Referring expression grounding data
[Start of Attachment]

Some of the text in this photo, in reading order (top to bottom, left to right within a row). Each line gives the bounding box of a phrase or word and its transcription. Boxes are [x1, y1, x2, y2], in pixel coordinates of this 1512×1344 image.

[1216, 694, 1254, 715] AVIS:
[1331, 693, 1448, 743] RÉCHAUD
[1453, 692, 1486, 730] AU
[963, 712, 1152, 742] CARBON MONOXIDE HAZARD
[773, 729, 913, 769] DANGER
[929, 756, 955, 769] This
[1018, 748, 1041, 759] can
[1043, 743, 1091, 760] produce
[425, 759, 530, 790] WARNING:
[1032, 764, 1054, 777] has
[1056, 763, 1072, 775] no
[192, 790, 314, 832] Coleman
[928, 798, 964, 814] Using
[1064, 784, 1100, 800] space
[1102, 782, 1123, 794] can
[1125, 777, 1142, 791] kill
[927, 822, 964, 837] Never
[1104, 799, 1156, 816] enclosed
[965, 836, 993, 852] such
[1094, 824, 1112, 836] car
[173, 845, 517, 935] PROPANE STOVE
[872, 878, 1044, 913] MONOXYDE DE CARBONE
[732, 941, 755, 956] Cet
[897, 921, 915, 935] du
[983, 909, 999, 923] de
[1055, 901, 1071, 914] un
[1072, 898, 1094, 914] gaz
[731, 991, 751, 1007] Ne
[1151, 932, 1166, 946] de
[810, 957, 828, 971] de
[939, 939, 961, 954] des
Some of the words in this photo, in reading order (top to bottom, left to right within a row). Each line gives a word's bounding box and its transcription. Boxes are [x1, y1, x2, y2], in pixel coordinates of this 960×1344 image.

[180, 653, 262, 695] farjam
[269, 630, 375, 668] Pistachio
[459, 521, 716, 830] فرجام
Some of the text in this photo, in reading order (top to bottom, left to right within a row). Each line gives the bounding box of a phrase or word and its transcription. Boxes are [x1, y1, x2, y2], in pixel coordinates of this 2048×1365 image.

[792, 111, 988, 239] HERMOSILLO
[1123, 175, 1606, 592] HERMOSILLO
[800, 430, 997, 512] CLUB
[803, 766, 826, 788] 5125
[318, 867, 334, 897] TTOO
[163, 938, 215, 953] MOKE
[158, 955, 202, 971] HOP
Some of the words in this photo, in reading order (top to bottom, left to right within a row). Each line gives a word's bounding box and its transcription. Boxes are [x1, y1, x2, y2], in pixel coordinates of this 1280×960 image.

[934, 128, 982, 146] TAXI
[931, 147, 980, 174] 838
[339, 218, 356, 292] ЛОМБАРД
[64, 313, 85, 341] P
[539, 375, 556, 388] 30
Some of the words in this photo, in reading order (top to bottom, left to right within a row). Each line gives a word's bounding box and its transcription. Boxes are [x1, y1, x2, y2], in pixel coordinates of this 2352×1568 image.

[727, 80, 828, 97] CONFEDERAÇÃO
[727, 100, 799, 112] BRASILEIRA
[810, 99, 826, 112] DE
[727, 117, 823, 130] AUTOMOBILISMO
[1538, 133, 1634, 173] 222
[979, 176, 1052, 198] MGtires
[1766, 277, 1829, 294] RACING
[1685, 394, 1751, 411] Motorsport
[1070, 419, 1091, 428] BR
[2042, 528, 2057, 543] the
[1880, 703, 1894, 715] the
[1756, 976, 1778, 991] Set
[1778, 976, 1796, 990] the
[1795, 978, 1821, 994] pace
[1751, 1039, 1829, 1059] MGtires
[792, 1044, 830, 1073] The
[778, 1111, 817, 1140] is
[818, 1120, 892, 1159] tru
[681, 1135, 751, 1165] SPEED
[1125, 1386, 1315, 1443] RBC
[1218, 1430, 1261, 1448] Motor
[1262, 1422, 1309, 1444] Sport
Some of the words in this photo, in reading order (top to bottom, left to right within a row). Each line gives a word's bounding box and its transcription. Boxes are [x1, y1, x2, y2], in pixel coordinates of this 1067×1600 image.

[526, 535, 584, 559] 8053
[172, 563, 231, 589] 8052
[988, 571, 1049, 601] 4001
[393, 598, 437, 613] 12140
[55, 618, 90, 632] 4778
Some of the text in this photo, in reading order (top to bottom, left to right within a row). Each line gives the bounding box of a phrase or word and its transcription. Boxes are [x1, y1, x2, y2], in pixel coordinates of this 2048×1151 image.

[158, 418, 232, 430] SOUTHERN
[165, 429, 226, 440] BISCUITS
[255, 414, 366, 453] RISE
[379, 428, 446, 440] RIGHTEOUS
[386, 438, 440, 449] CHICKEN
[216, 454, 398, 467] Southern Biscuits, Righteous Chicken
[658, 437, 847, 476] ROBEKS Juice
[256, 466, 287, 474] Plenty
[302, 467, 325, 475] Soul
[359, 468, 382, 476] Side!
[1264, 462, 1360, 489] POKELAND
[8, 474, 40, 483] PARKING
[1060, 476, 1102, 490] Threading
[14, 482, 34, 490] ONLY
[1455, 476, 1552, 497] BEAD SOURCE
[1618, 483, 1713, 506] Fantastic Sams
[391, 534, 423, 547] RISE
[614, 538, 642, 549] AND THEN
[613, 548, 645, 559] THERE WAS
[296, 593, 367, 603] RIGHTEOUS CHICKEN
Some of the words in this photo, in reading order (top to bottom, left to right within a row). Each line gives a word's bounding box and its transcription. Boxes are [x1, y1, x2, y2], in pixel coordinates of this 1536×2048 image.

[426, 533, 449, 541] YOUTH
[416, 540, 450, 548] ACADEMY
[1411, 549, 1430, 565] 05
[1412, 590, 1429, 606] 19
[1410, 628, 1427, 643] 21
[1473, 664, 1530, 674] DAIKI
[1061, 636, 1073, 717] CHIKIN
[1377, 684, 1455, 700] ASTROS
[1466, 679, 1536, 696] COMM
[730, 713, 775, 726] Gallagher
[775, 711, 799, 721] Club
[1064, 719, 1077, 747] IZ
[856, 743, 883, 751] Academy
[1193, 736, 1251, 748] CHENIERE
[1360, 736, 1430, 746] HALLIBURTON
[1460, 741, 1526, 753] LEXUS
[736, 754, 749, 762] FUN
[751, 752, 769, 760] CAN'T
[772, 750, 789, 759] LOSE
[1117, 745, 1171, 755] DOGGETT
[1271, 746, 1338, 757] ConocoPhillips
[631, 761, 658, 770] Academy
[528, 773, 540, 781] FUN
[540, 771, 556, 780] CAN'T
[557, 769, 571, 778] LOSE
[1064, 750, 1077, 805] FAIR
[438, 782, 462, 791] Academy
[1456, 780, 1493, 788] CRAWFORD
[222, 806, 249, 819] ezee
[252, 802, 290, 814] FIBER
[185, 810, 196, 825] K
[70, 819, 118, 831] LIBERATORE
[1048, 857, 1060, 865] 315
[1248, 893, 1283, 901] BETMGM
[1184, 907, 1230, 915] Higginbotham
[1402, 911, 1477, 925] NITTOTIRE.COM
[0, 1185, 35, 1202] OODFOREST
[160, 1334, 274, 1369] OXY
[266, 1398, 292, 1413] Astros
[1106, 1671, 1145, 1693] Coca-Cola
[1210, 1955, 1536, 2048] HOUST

[End of Attachment]

__What to do__:
Output the entries above exactly, please, with nothing dropped.

__Exercise result__:
Some of the text in this photo, in reading order (top to bottom, left to right within a row). Each line gives the bounding box of a phrase or word and its transcription. Boxes are [x1, y1, x2, y2], in pixel coordinates of this 1512×1344 image.

[1216, 694, 1254, 715] AVIS:
[1331, 693, 1448, 743] RÉCHAUD
[1453, 692, 1486, 730] AU
[963, 712, 1152, 742] CARBON MONOXIDE HAZARD
[773, 729, 913, 769] DANGER
[929, 756, 955, 769] This
[1018, 748, 1041, 759] can
[1043, 743, 1091, 760] produce
[425, 759, 530, 790] WARNING:
[1032, 764, 1054, 777] has
[1056, 763, 1072, 775] no
[192, 790, 314, 832] Coleman
[928, 798, 964, 814] Using
[1064, 784, 1100, 800] space
[1102, 782, 1123, 794] can
[1125, 777, 1142, 791] kill
[927, 822, 964, 837] Never
[1104, 799, 1156, 816] enclosed
[965, 836, 993, 852] such
[1094, 824, 1112, 836] car
[173, 845, 517, 935] PROPANE STOVE
[872, 878, 1044, 913] MONOXYDE DE CARBONE
[732, 941, 755, 956] Cet
[897, 921, 915, 935] du
[983, 909, 999, 923] de
[1055, 901, 1071, 914] un
[1072, 898, 1094, 914] gaz
[731, 991, 751, 1007] Ne
[1151, 932, 1166, 946] de
[810, 957, 828, 971] de
[939, 939, 961, 954] des
Some of the words in this photo, in reading order (top to bottom, left to right within a row). Each line gives a word's bounding box and its transcription. Boxes are [x1, y1, x2, y2], in pixel coordinates of this 960×1344 image.

[180, 653, 262, 695] farjam
[269, 630, 375, 668] Pistachio
[459, 521, 716, 830] فرجام
Some of the text in this photo, in reading order (top to bottom, left to right within a row). Each line gives the bounding box of a phrase or word and its transcription. Boxes are [x1, y1, x2, y2], in pixel coordinates of this 2048×1365 image.

[792, 111, 988, 239] HERMOSILLO
[1123, 175, 1606, 592] HERMOSILLO
[800, 430, 997, 512] CLUB
[803, 766, 826, 788] 5125
[318, 867, 334, 897] TTOO
[163, 938, 215, 953] MOKE
[158, 955, 202, 971] HOP
Some of the words in this photo, in reading order (top to bottom, left to right within a row). Each line gives a word's bounding box and its transcription. Boxes are [x1, y1, x2, y2], in pixel coordinates of this 1280×960 image.

[934, 128, 982, 146] TAXI
[931, 147, 980, 174] 838
[339, 218, 356, 292] ЛОМБАРД
[64, 313, 85, 341] P
[539, 375, 556, 388] 30
Some of the words in this photo, in reading order (top to bottom, left to right within a row). Each line gives a word's bounding box and its transcription. Boxes are [x1, y1, x2, y2], in pixel coordinates of this 2352×1568 image.

[727, 80, 828, 97] CONFEDERAÇÃO
[727, 100, 799, 112] BRASILEIRA
[810, 99, 826, 112] DE
[727, 117, 823, 130] AUTOMOBILISMO
[1538, 133, 1634, 173] 222
[979, 176, 1052, 198] MGtires
[1766, 277, 1829, 294] RACING
[1685, 394, 1751, 411] Motorsport
[1070, 419, 1091, 428] BR
[2042, 528, 2057, 543] the
[1880, 703, 1894, 715] the
[1756, 976, 1778, 991] Set
[1778, 976, 1796, 990] the
[1795, 978, 1821, 994] pace
[1751, 1039, 1829, 1059] MGtires
[792, 1044, 830, 1073] The
[778, 1111, 817, 1140] is
[818, 1120, 892, 1159] tru
[681, 1135, 751, 1165] SPEED
[1125, 1386, 1315, 1443] RBC
[1218, 1430, 1261, 1448] Motor
[1262, 1422, 1309, 1444] Sport
Some of the words in this photo, in reading order (top to bottom, left to right within a row). Each line gives a word's bounding box and its transcription. Boxes are [x1, y1, x2, y2], in pixel coordinates of this 1067×1600 image.

[526, 535, 584, 559] 8053
[172, 563, 231, 589] 8052
[988, 571, 1049, 601] 4001
[393, 598, 437, 613] 12140
[55, 618, 90, 632] 4778
Some of the text in this photo, in reading order (top to bottom, left to right within a row). Each line gives the bounding box of a phrase or word and its transcription. Boxes are [x1, y1, x2, y2], in pixel coordinates of this 2048×1151 image.

[158, 418, 232, 430] SOUTHERN
[165, 429, 226, 440] BISCUITS
[255, 414, 366, 453] RISE
[379, 428, 446, 440] RIGHTEOUS
[386, 438, 440, 449] CHICKEN
[216, 454, 398, 467] Southern Biscuits, Righteous Chicken
[658, 437, 847, 476] ROBEKS Juice
[256, 466, 287, 474] Plenty
[302, 467, 325, 475] Soul
[359, 468, 382, 476] Side!
[1264, 462, 1360, 489] POKELAND
[8, 474, 40, 483] PARKING
[1060, 476, 1102, 490] Threading
[14, 482, 34, 490] ONLY
[1455, 476, 1552, 497] BEAD SOURCE
[1618, 483, 1713, 506] Fantastic Sams
[391, 534, 423, 547] RISE
[614, 538, 642, 549] AND THEN
[613, 548, 645, 559] THERE WAS
[296, 593, 367, 603] RIGHTEOUS CHICKEN
Some of the words in this photo, in reading order (top to bottom, left to right within a row). Each line gives a word's bounding box and its transcription. Boxes are [x1, y1, x2, y2], in pixel coordinates of this 1536×2048 image.

[426, 533, 449, 541] YOUTH
[416, 540, 450, 548] ACADEMY
[1411, 549, 1430, 565] 05
[1412, 590, 1429, 606] 19
[1410, 628, 1427, 643] 21
[1473, 664, 1530, 674] DAIKI
[1061, 636, 1073, 717] CHIKIN
[1377, 684, 1455, 700] ASTROS
[1466, 679, 1536, 696] COMM
[730, 713, 775, 726] Gallagher
[775, 711, 799, 721] Club
[1064, 719, 1077, 747] IZ
[856, 743, 883, 751] Academy
[1193, 736, 1251, 748] CHENIERE
[1360, 736, 1430, 746] HALLIBURTON
[1460, 741, 1526, 753] LEXUS
[736, 754, 749, 762] FUN
[751, 752, 769, 760] CAN'T
[772, 750, 789, 759] LOSE
[1117, 745, 1171, 755] DOGGETT
[1271, 746, 1338, 757] ConocoPhillips
[631, 761, 658, 770] Academy
[528, 773, 540, 781] FUN
[540, 771, 556, 780] CAN'T
[557, 769, 571, 778] LOSE
[1064, 750, 1077, 805] FAIR
[438, 782, 462, 791] Academy
[1456, 780, 1493, 788] CRAWFORD
[222, 806, 249, 819] ezee
[252, 802, 290, 814] FIBER
[185, 810, 196, 825] K
[70, 819, 118, 831] LIBERATORE
[1048, 857, 1060, 865] 315
[1248, 893, 1283, 901] BETMGM
[1184, 907, 1230, 915] Higginbotham
[1402, 911, 1477, 925] NITTOTIRE.COM
[0, 1185, 35, 1202] OODFOREST
[160, 1334, 274, 1369] OXY
[266, 1398, 292, 1413] Astros
[1106, 1671, 1145, 1693] Coca-Cola
[1210, 1955, 1536, 2048] HOUST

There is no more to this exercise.